5.2 Techniques

1. Object Tracking with YOLOv8

Object tracking is the task of the identifying and monitoring objects as they move across frames in a video sequence. This task is essential to applications such as traffic monitoring, security surveillance, autonomous vehicles, and sports analytics. The typical object tracking pipeline consists of the following steps:

Feature Extraction & Object Detection: Identifying and locating objects of interest in each frame of a video. Popular detection algorithms include YOLO and Faster R-CNN. Extracting distinctive features from detected objects aids in tracking. The features can differentiate between objects and ensure consistent tracking of the same objects across frames.
State Estimation: Predicting the position of the objects in subsequent frames. Models like the Kalman filter, Particle filter, or deep learning-based methods are often employed. For example, in autonomous vehicles, these methods can predict where a pedestrian will be in the next few seconds.
Data Association: Matching detected objects in the current frame with tracked objects from previous frames. This can be based on image features, state estimation, or both.
Track Management: Creating new tracks for newly detected objects and terminating tracks for objects that are no longer visible.

In this exercise, we’ll use YOLOv8 for object detection and DeepSORT for object tracking, which combines these steps into an efficient real-time tracking system.

Steps:

Read video and ground truth data:
- Download and read the input video file.
- Parse the ground truth object tracks.
- Visualise the ground truth.
Object tracking with YOLOv8::
- Load a pre-trained YOLOv8 model.
- Run object detection on the selected frame and observe the result.
- Count the number of different objects.
Object tracking with DeepSORT:
- Initialise the DeepSORT tracker with appropriate parameters.
- Iterate through the video frames, for each frame:
- Perform object detection using YOLOv8.
- Update the DeepSORT tracker with new detections.
- Visualise the tracked objects.

Save the processed video with visualisations.

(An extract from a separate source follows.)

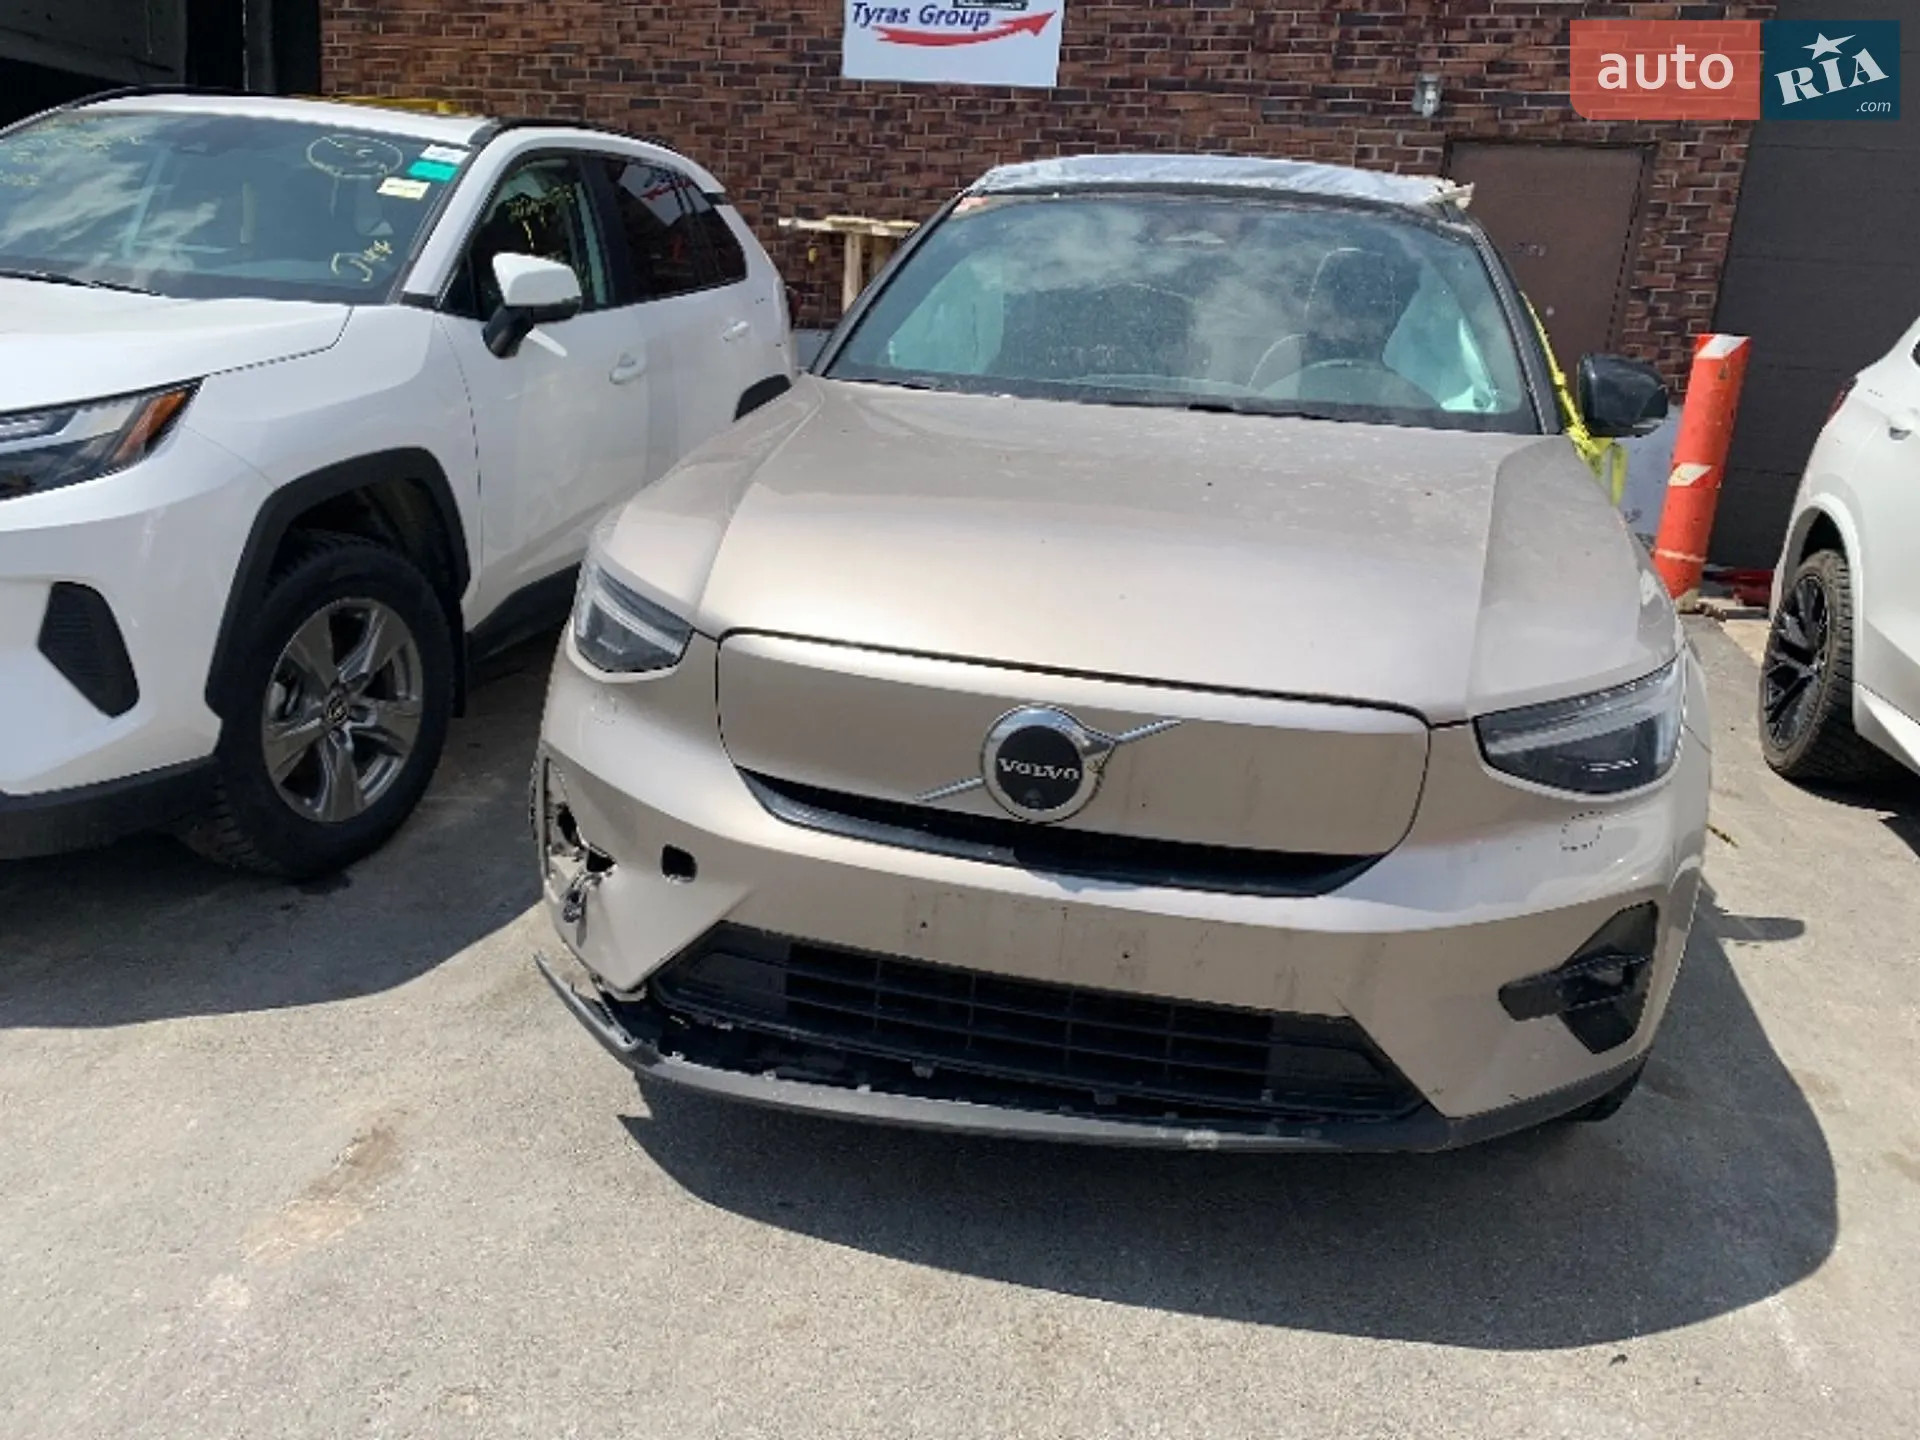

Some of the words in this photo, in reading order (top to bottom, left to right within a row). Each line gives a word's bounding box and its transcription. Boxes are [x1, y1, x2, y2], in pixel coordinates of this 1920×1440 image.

[852, 2, 910, 28] Tyras
[919, 4, 991, 31] Group
[998, 757, 1081, 781] VOLVO

# Write a function to parse the ground truth labels
# Write a function to draw bounding boxes on the tracked targets
# Visualise the ground truth labels.
import cv2
import matplotlib.pyplot as plt

def parse_ground_truth_file(file):
    """
    Parse the ground truth bounding box file and organize as a list of lists.
    Each index of the list corresponds to a frame, and contains a list of bounding boxes.
    """
    bounding_boxes = []

    with open(file, 'r') as f:
        for line in f.readlines():
            line_data = line.strip().split(',')
            # Convert the values
            frame_id = int(line_data[0])     # Frame index (1-based)
            obj_id = int(line_data[1])       # Object ID
            x = int(line_data[2])            # X coordinate
            y = int(line_data[3])            # Y coordinate
            w = int(line_data[4])            # Width
            h = int(line_data[5])            # Height

            # Ensure the list has enough frames
            while len(bounding_boxes) < frame_id:
                bounding_boxes.append([])  # Add empty lists for missing frames

            # Append the bounding box to the corresponding frame's list
            bounding_boxes[frame_id - 1].append([obj_id, x, y, w, h])  # frame_id - 1 for zero-indexing

    return bounding_boxes


def draw_detection_on_frame(frame, boxes):
    """
    Draw bounding boxes on a single frame.
    """
    # Create a copy of the original frame to avoid modifying it
    frame = frame.copy()

    for box in boxes:
        obj_id, x, y, w, h = box  # Unpack the values
        label = f'ID: {obj_id}'

        # Draw a rectangle around the object
        color = (0, 255, 0)  # Pick a colour
        thickness = 3
        cv2.rectangle(frame, (x, y), (x + w, y + h), color, thickness)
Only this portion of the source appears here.